2026 Eigenmann Biology Scholar: Holly Anderson

Holly is a 5th-year microbiology graduate student in the Dalia Lab. Her research explores the mechanisms by which bacteria sense and respond to changes in their environment. Throughout her graduate career she has fostered her passion for teaching, having minored in College Pedagogy and serving as Associate Instructor every semester for three years. This spring she has had the pleasure of being Instructor of Record for Microbial Physiology, which has greatly helped her to develop as an educator. She is grateful to her students and the Department of Biology for giving her this opportunity. This award will support Holly as she completes her thesis research this summer, before joining IU as a Visiting Lecturer in Biology.

2022 Eigenmann Biology Scholar: Virginia Green

Virginia Green is a third-year graduate student in the lab of Associate Professor Ankur Dalia, where she studies how nutrient availability controls important behaviors in the model organism and human pathogen Vibrio cholerae. She uses molecular genetics and microscopy to uncover the mechanisms by which the presence of favorable carbon sources prevents cells from taking up DNA in the critical process of natural transformation, a form of horizontal gene transfer.

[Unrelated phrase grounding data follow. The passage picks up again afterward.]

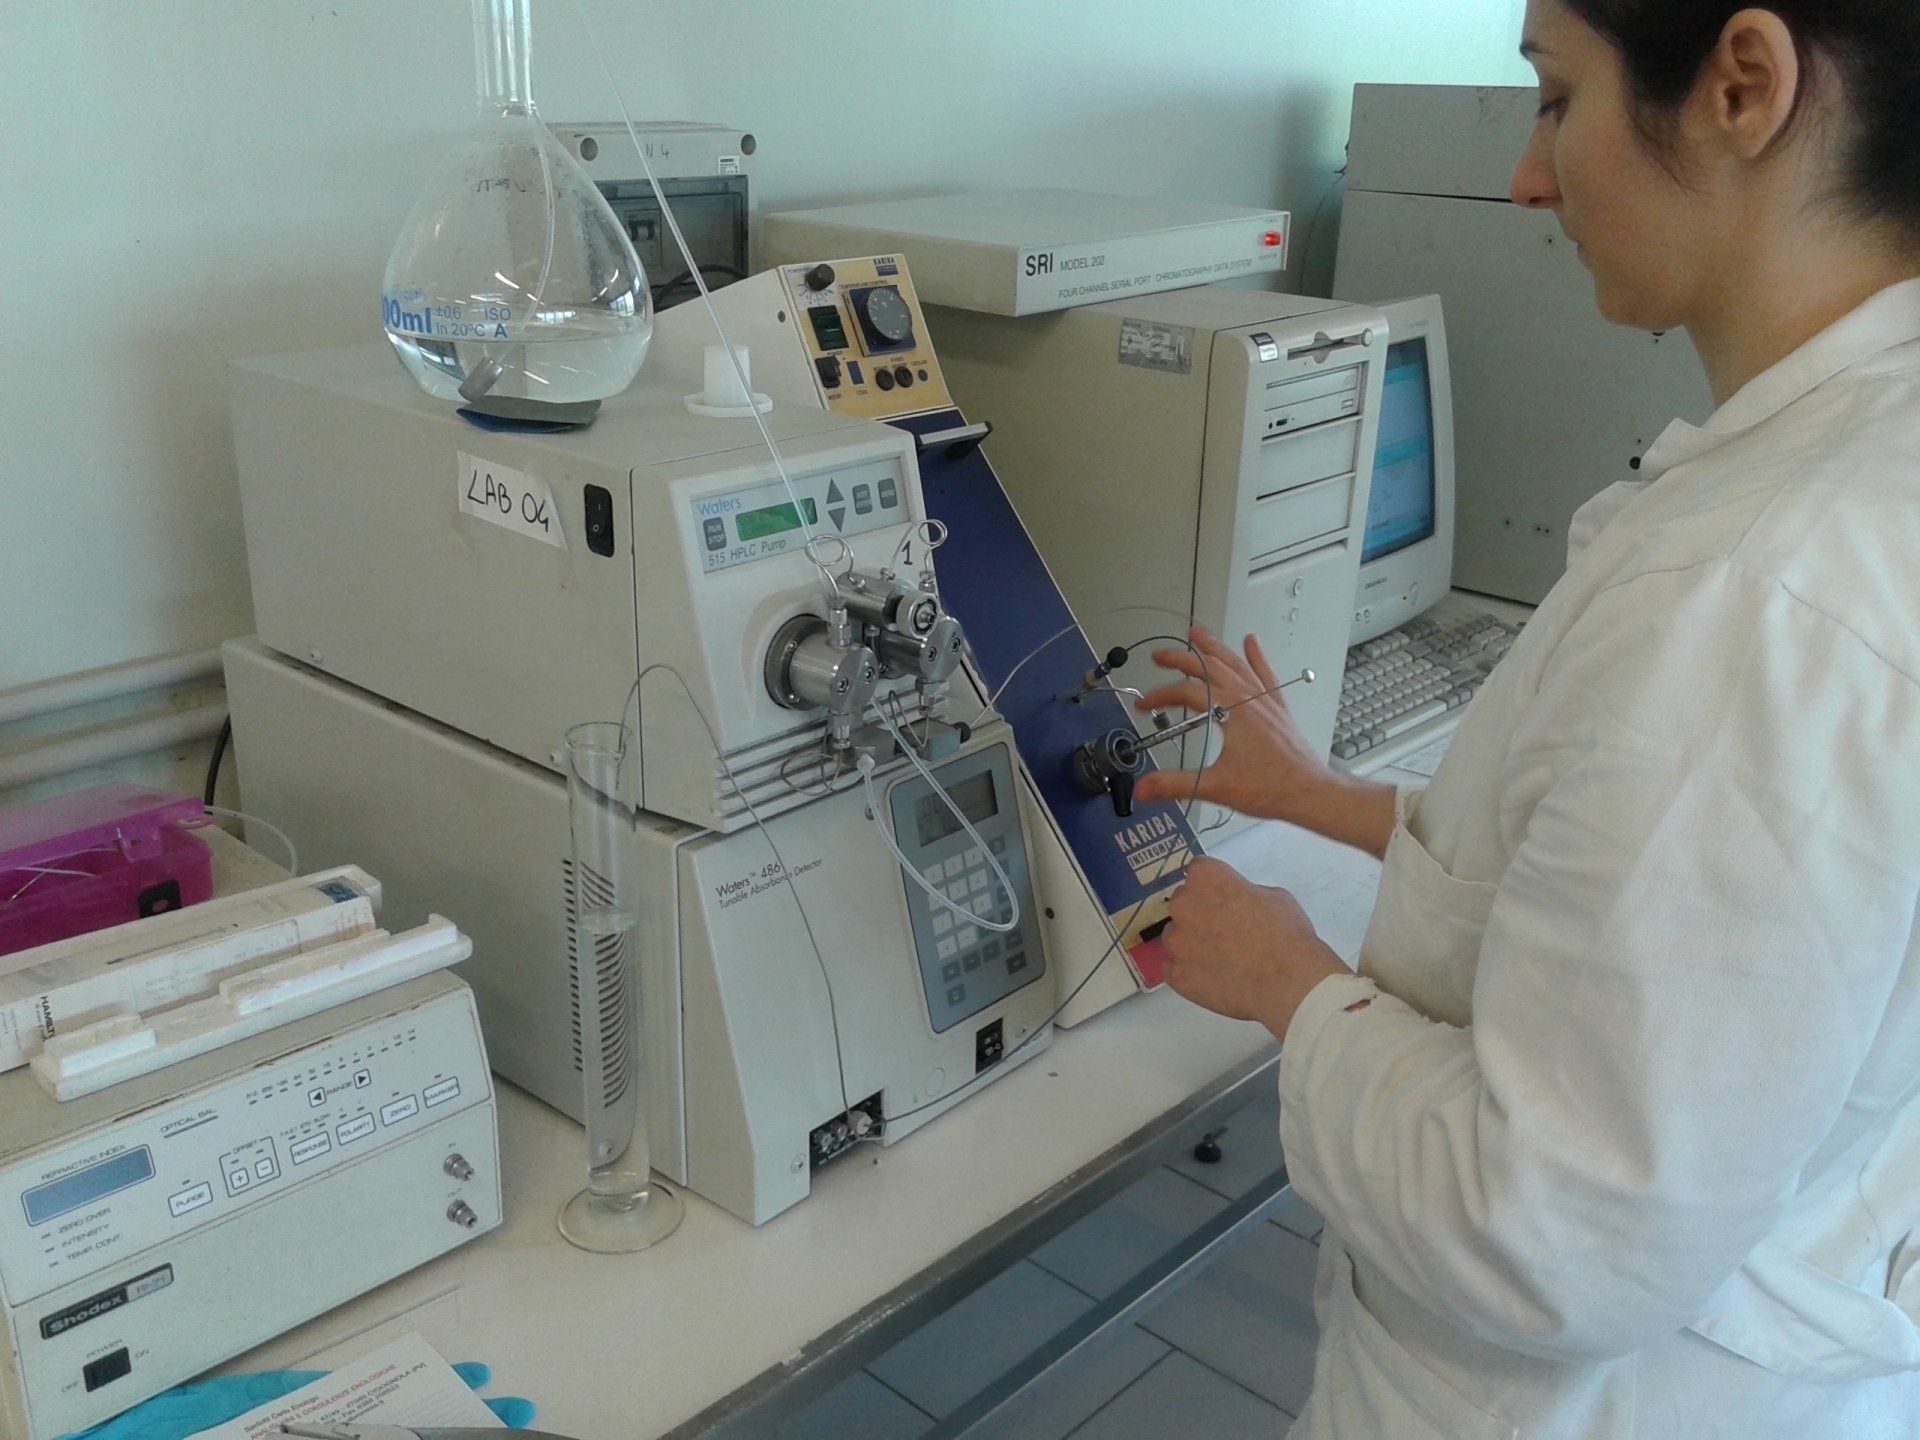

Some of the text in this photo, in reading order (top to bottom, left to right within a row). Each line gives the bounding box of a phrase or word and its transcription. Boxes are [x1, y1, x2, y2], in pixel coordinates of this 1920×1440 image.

[1025, 252, 1105, 277] SRI MODEL 202
[1059, 287, 1078, 298] FOUR
[1079, 282, 1109, 295] CHANNEL
[1110, 278, 1131, 290] SERIAL
[1134, 275, 1151, 286] PORT
[1155, 264, 1213, 282] CHROMATOGRAPHY
[1229, 258, 1252, 271] SYSTEM
[485, 307, 512, 321] ISO
[494, 323, 508, 338] A
[467, 469, 549, 533] LAB 04
[697, 498, 742, 517] Waters
[708, 538, 787, 567] 515 HPLC Pump
[901, 540, 914, 565] 1
[1113, 811, 1177, 852] KARIBA
[715, 877, 751, 898] Waters
[760, 861, 781, 878] 486
[718, 889, 749, 910] Tunable
[793, 858, 822, 877] Detector
[326, 1081, 353, 1096] RANGE
[389, 1103, 412, 1118] ZERO
[159, 1115, 196, 1133] OPTICAL
[339, 1121, 371, 1138] POLARITY
[232, 1139, 258, 1155] OFFSET
[41, 1144, 126, 1181] REFRACTIVE INDEX
[175, 1191, 205, 1208] PURGE
[58, 1219, 85, 1234] ZERO
[61, 1223, 109, 1247] INTENSITY
[49, 1295, 123, 1333] Shodex

Virginia also enjoys teaching and mentoring. She works with undergraduate and rotation students to help them develop a solid foundation in bench work as well as reading, writing, and presenting.

This fellowship will support Virginia as she continues to study the mechanisms and regulation of natural transformation in Vibrio cholerae.

2022 Eigenmann Biology Scholar: Qin Liao

Qin Liao is a third-year graduate student in Assistant Professor Xindan Wang’s lab where she studies chromosome dynamics and gene essentiality. Using a bacterial model system containing a divided genome which consists of multiple large replicons or a fused genome where large replicons fuse together, her research specifically aims to answer questions on how a divided genome coordinate the replication and the segregation, how chromosomal dynamics differ among different replicons, and what genes are specifically essential for maintenance of the divided genome versus the fused genome. With the funds from Carl H. Eigenmann Biology Scholarship, Qin plans to characterize genes that she has found to be specifically essential in the divided genome and in the fused genome.